In December 2017, the World Trade Organization, meeting in Buenos Aires, Argentina, issued a statement criticizing the “trend to reject the foreign, the imported, reject the global,” seen in the trade policy of the US and other WTO member countries. In April 2018, Palestinians staged a major demonstration against the 70th anniversary of Israel and the Nakba, while Italy, England, and other European countries have witnessed the revival of movements laying claim to the continent’s fascist heritage. On all sides and from different shades of the political spectrum, nationalism has reemerged as a critical theme to understand the disputes that shape our time, raising questions about the duration and scope of this new regressive cycle.
In this context, the 21st Contemporary Art Biennial Sesc_Videobrasil | Imagined Communities borrows the title of Benedict Anderson’s classic study of the rise of nationalism to investigate how poetics stemming from the South have been addressing the phenomenon. Our interest, however, is not limited to imagined communities related to nation-states and the resurgence of nationalism. Going beyond Anderson’s conception, it is fitting to consider also other communities, created by imaginations distinct from those that founded national states.

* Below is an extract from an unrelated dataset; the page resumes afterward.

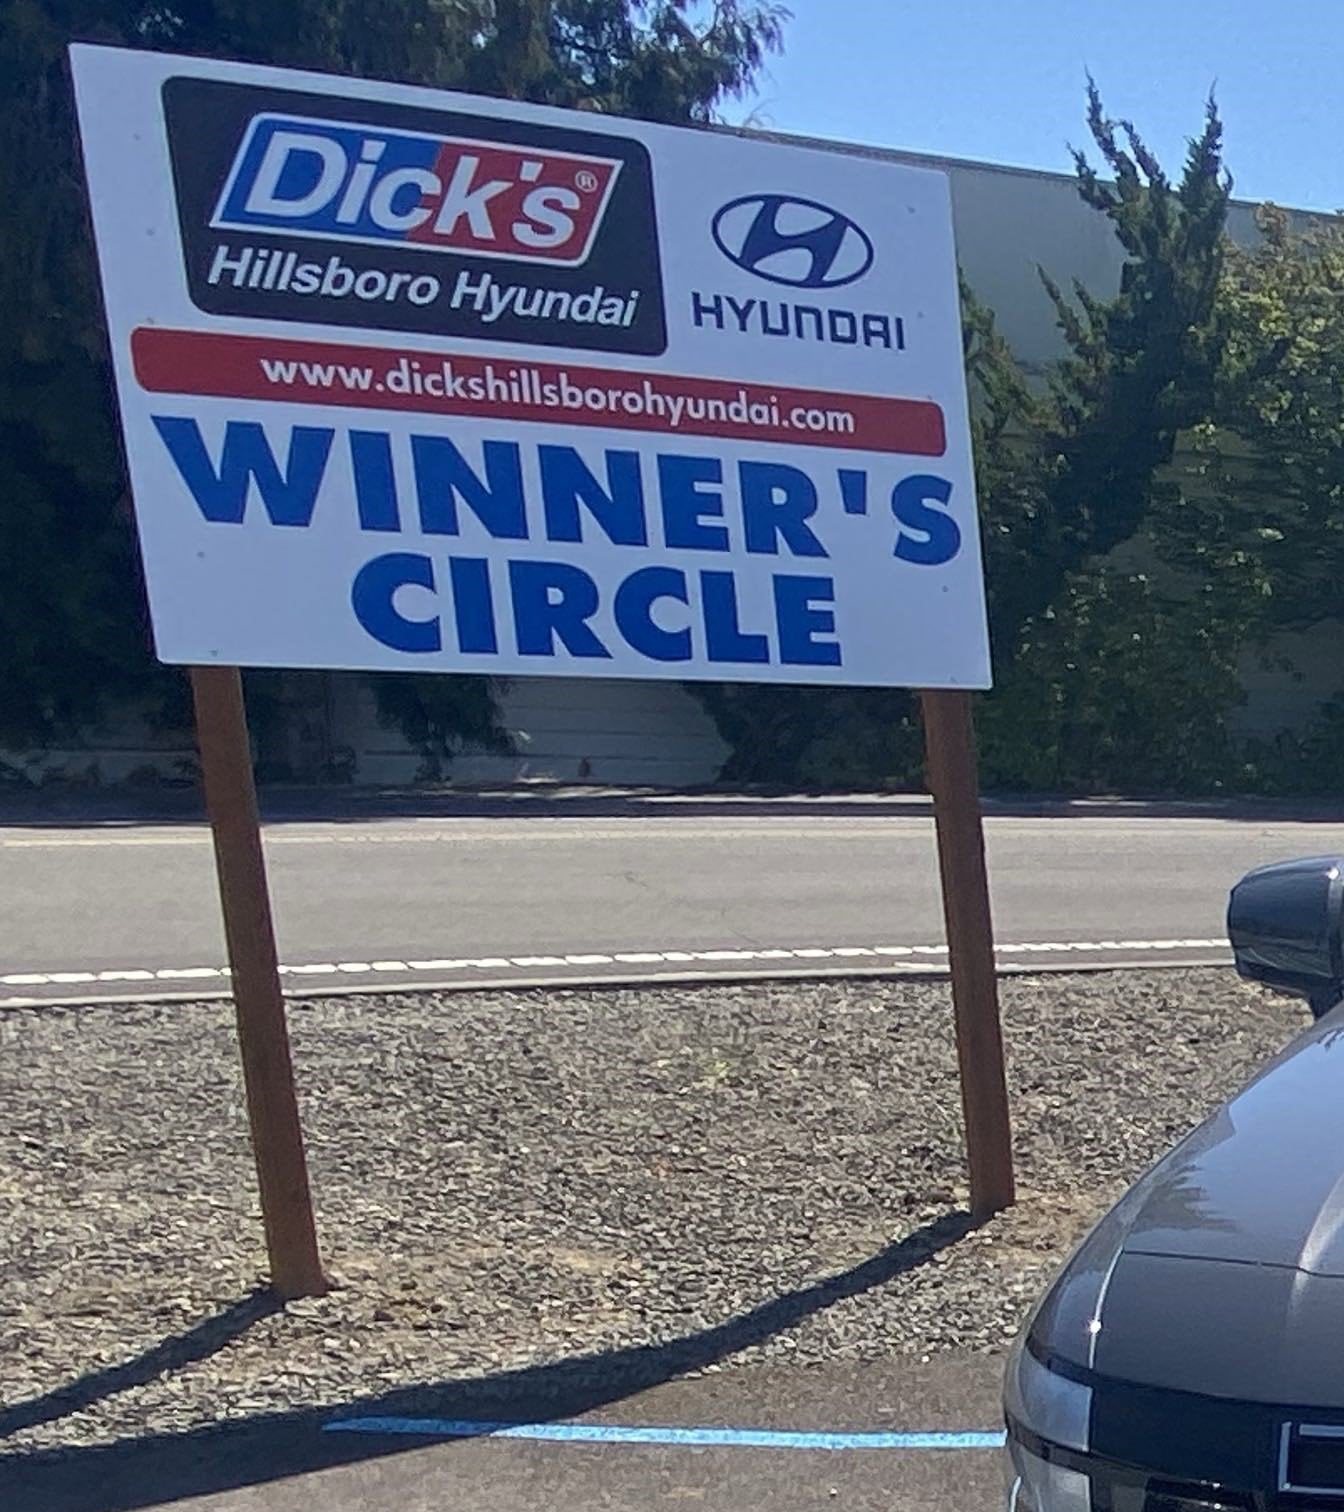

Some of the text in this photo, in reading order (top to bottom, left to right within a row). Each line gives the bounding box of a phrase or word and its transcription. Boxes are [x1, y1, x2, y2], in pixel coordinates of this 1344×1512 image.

By establishing a common ground for all community imaginations, the curatorial statement of the 21st Biennial momentarily relativizes the antinomies that have so far guided and supported the Festival’s past editions for the sake of a broader imagination exercise. Just as Pier Paolo Pasolini conceived a transnational Third World, beginning in the outskirts of Rome and extending to the countries then included in that category, we can add here communities that exist on the fringes of nation-states or in their breaches. We consider, therefore, communities of original peoples, organized without or against a state; multispecies communities, as imagined by Amerindian perspectivism; religious or mystical communities, conceived from transcendent understandings of existence; communities divided by borders drawn by colonialism or uprooted from their original lands for some reason; fictional, utopian, or clandestine communities that generate minority political practices, or those constituted in the subterranean universes of sexual experiences and dissident, counter-hegemonic, or non-Western bodies.
In his book, Anderson notes that “nation-ness is the most universally legitimate value in the political life of our time.” Given this assertion, one must ask how symbolizations operate on the fringes of this “universally legitimate value” produced by national identities. If the South goes about investigating the symbolic production of the fringes of the hegemonic discourses of power, where are the poetics stemming from the fringe of the fringe located? What center of power serves them as model? Do they aspire to reach it, like some of those from the South? Do they base themselves on any history (of art?), do they conceive forms of distinction? In the name of what do these men and women continue to symbolize, despite everything? What languages and what idioms does the imagination of these stateless communities mobilize? Without abandoning the panoramic ambition of the event or its usual geopolitical focus, this edition intends to expand the repertoire of questions that guide our work in order to broaden the diversity of the voices we hear.